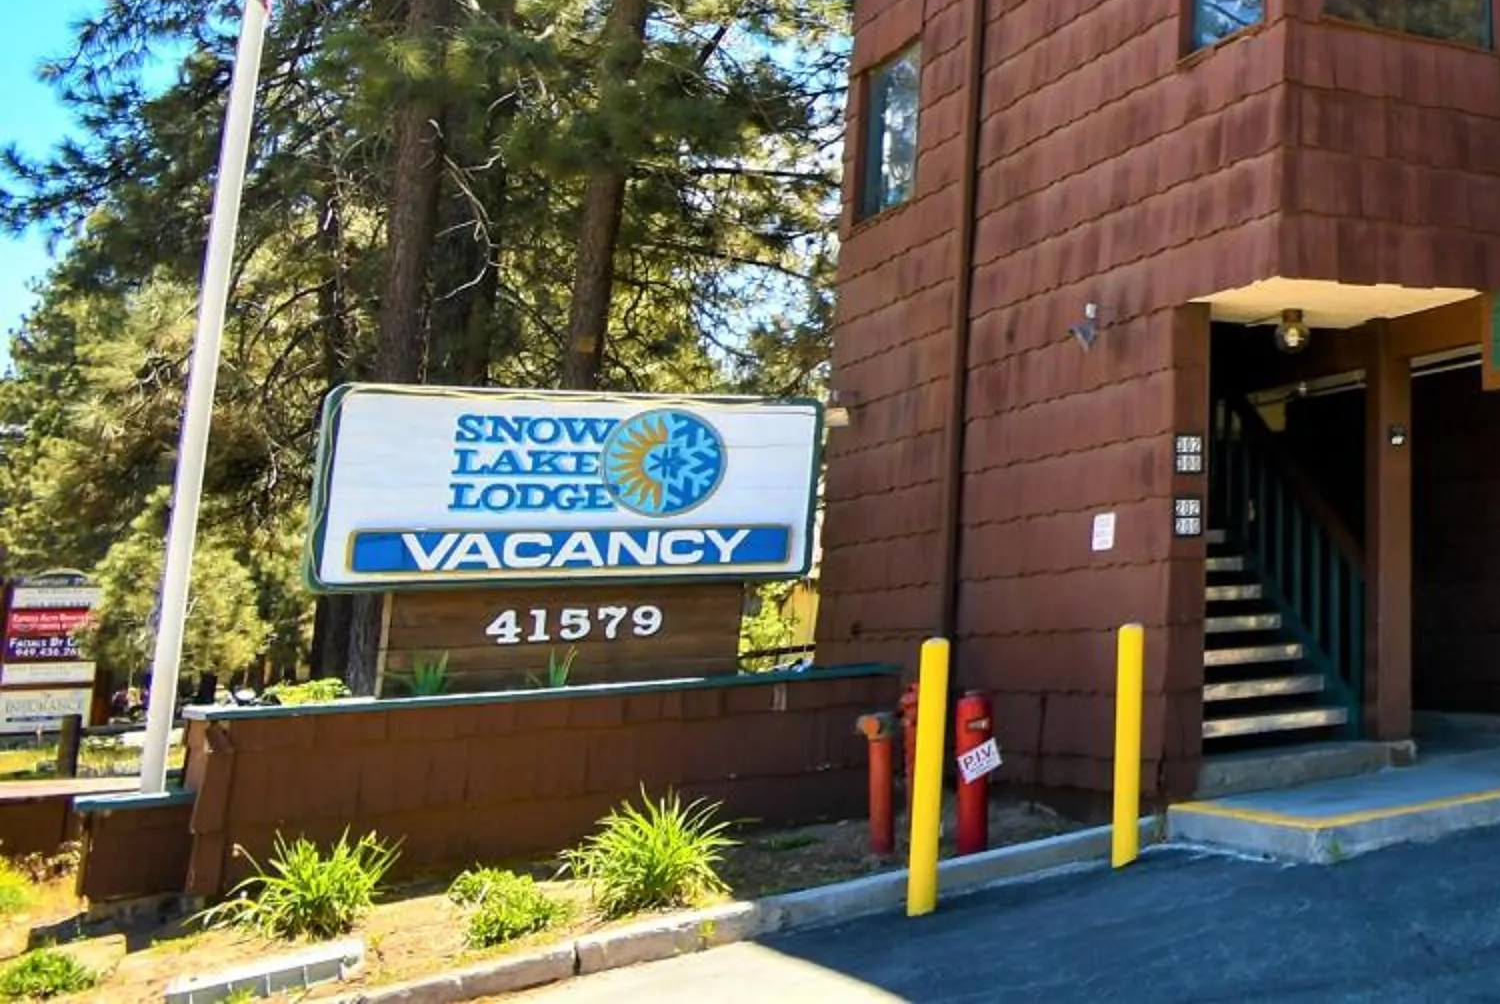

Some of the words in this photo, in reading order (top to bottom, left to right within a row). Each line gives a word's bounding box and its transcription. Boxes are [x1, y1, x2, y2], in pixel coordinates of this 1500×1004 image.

[455, 414, 620, 444] SNOW
[451, 449, 601, 475] LAKE
[448, 483, 620, 511] LODGE
[400, 529, 751, 571] VACANCY
[485, 605, 664, 645] 41579
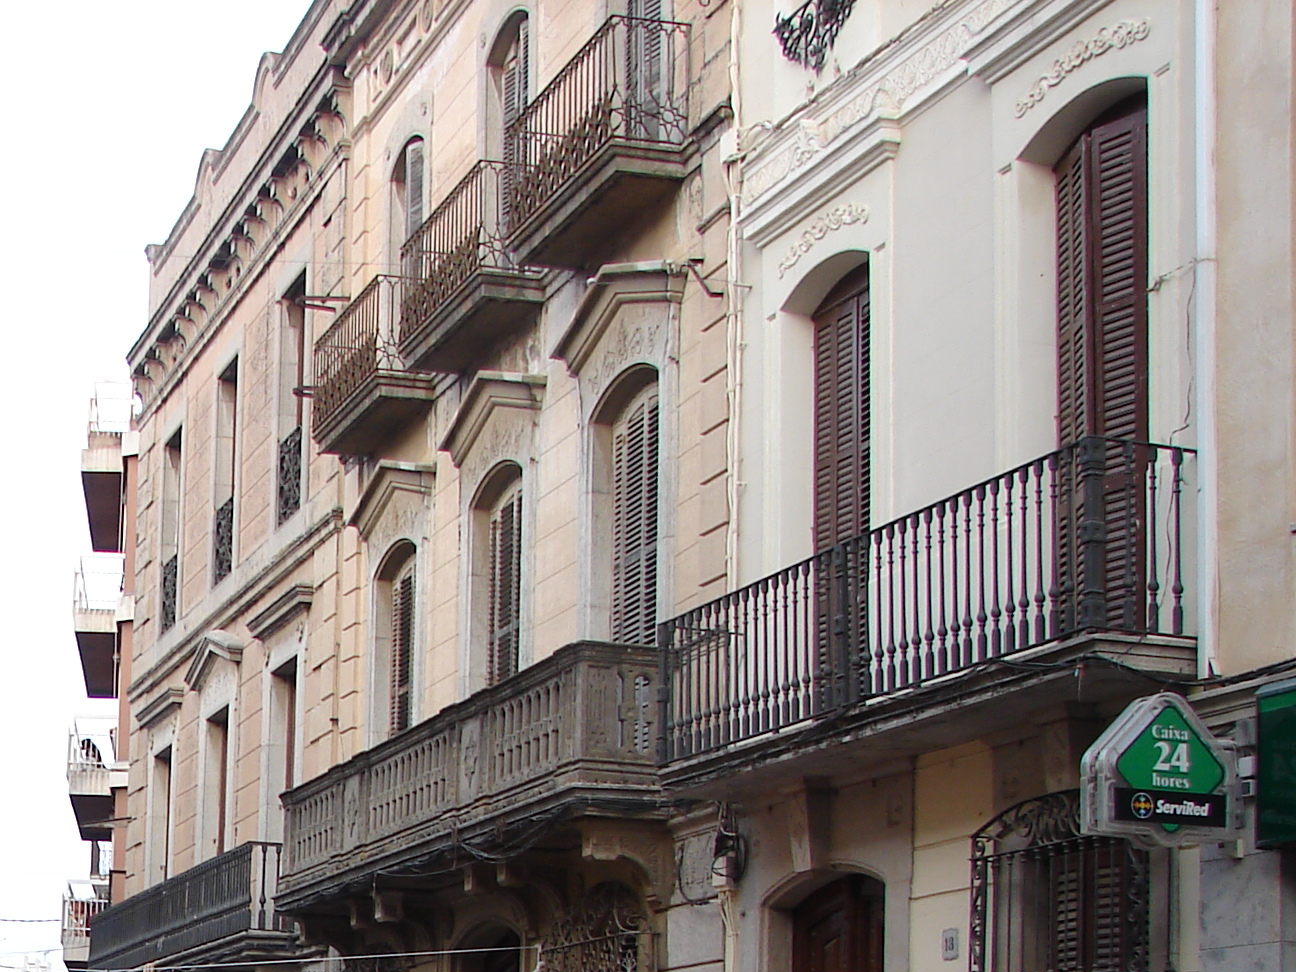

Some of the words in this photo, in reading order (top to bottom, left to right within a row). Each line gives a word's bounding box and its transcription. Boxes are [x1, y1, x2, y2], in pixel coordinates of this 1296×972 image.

[1152, 724, 1189, 741] Caixa
[1153, 741, 1189, 773] 24
[1152, 772, 1189, 788] hores
[1155, 799, 1209, 817] ServiRed
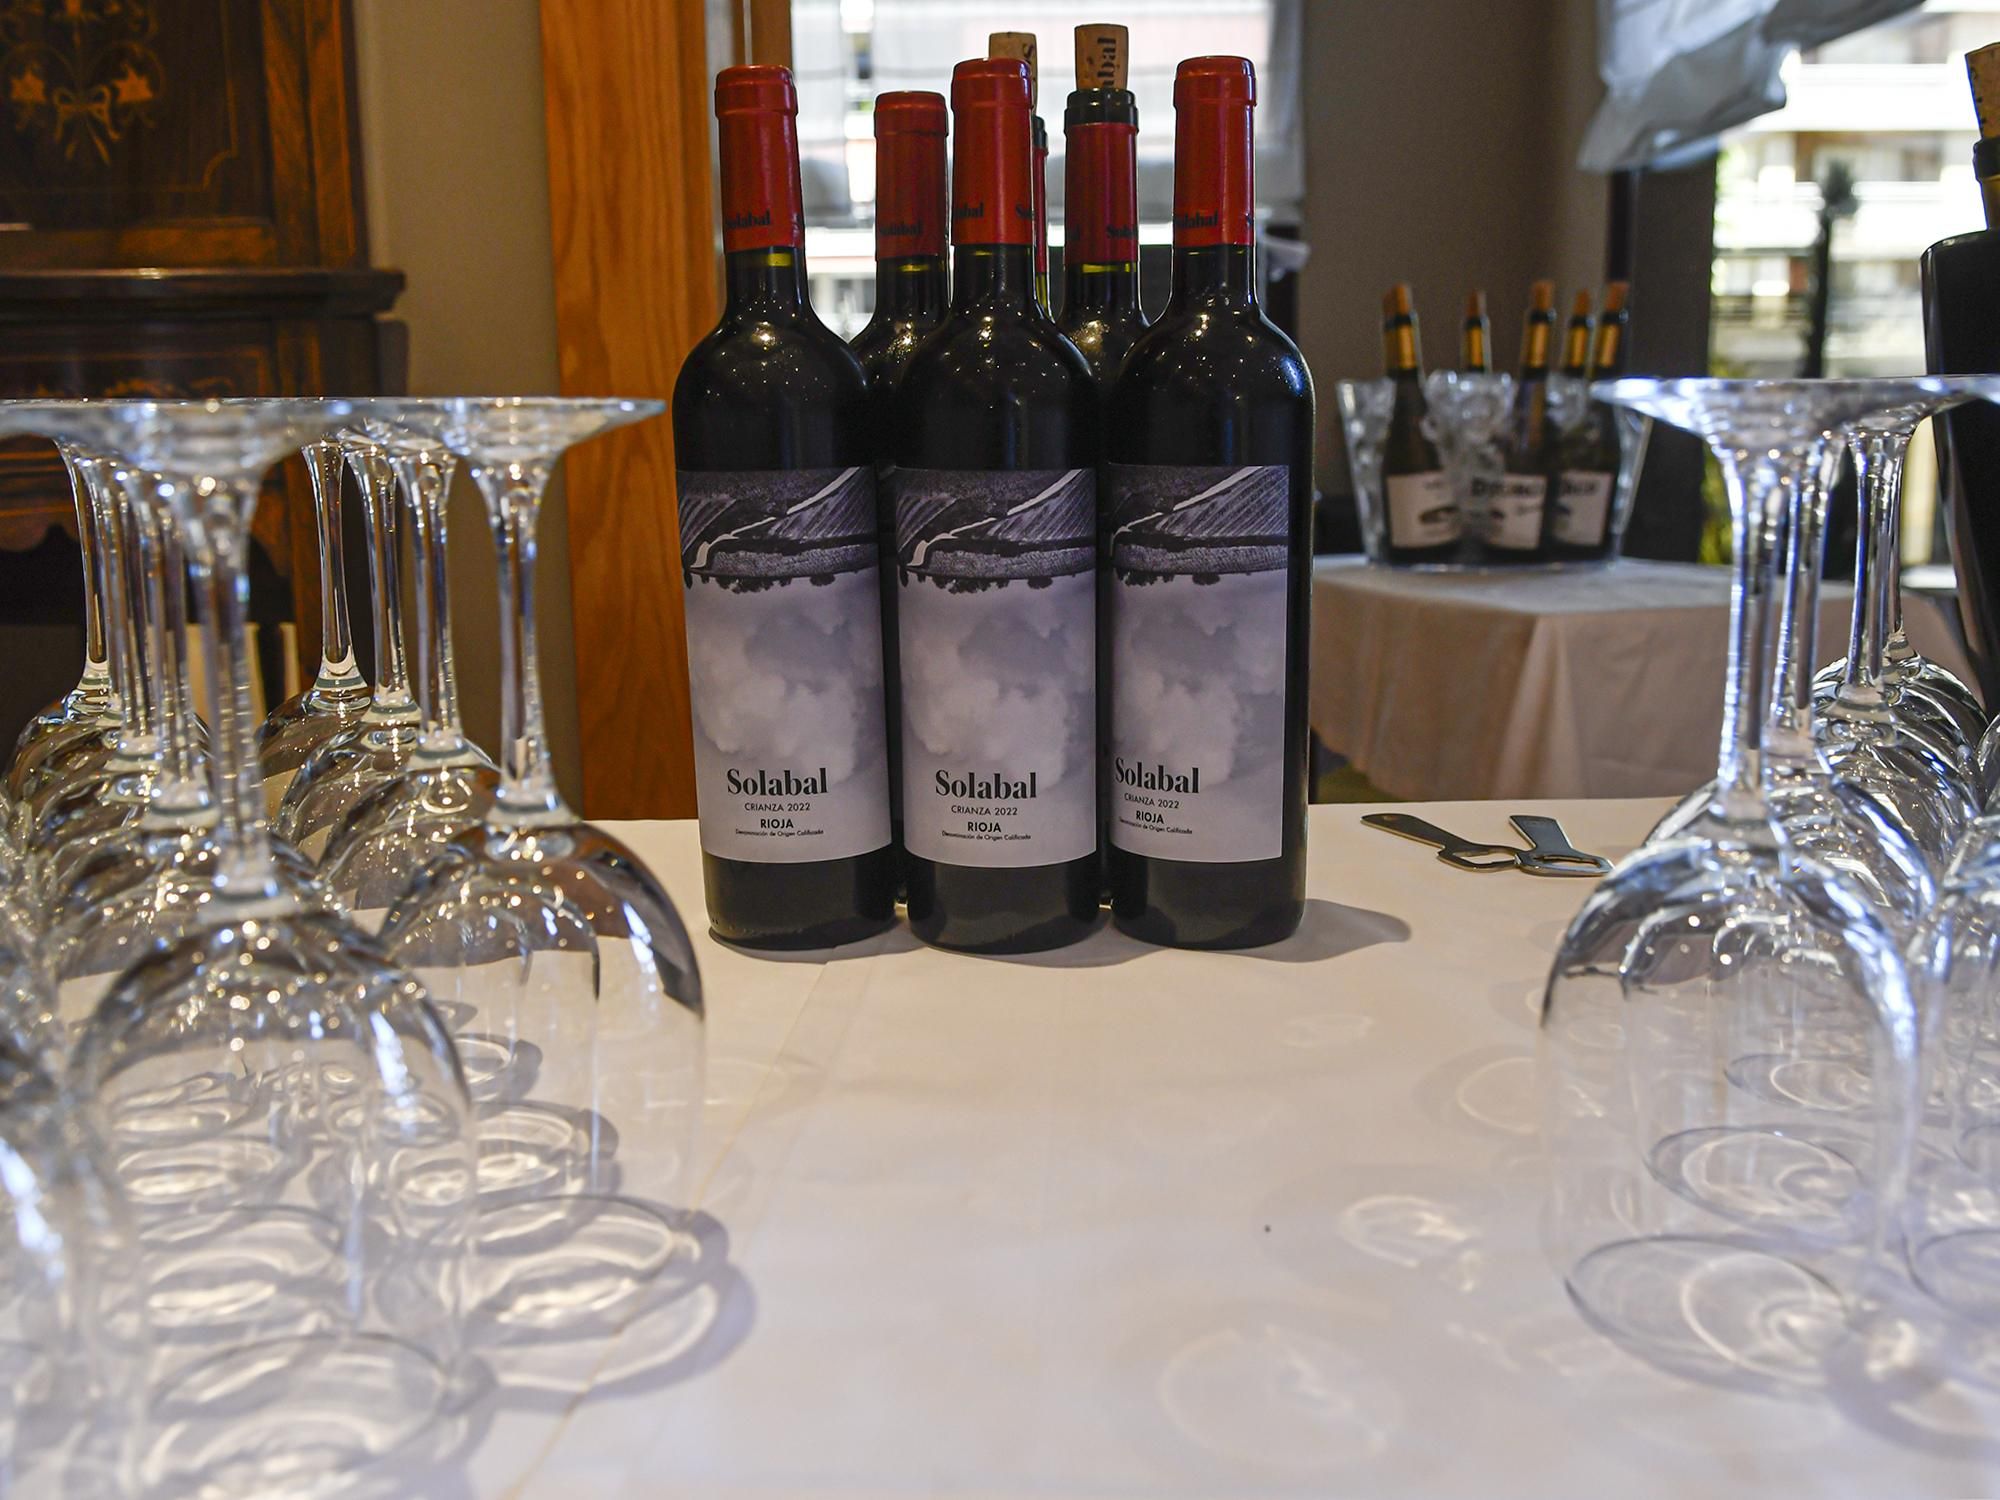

....

WHAT NEEDS TO BE DONE:
Each entry must be reproduced word for word, and any image among them left out.

RESPONSE AREA:
Some of the words in this photo, in reading order (top to bottom, left to right within a row). Each line gives a word's bounding box and its transcription. Boxes are [x1, y1, x2, y2], in pixel coordinates of this 1500×1004 image.

[455, 414, 620, 444] SNOW
[451, 449, 601, 475] LAKE
[448, 483, 620, 511] LODGE
[400, 529, 751, 571] VACANCY
[485, 605, 664, 645] 41579

Some of the words in this photo, in reading order (top to bottom, left to right within a row). Each line gives a word's bounding box and its transcription. Boxes are [x1, y1, x2, y2], in pixel coordinates of this 1296×972 image.

[1152, 724, 1189, 741] Caixa
[1153, 741, 1189, 773] 24
[1152, 772, 1189, 788] hores
[1155, 799, 1209, 817] ServiRed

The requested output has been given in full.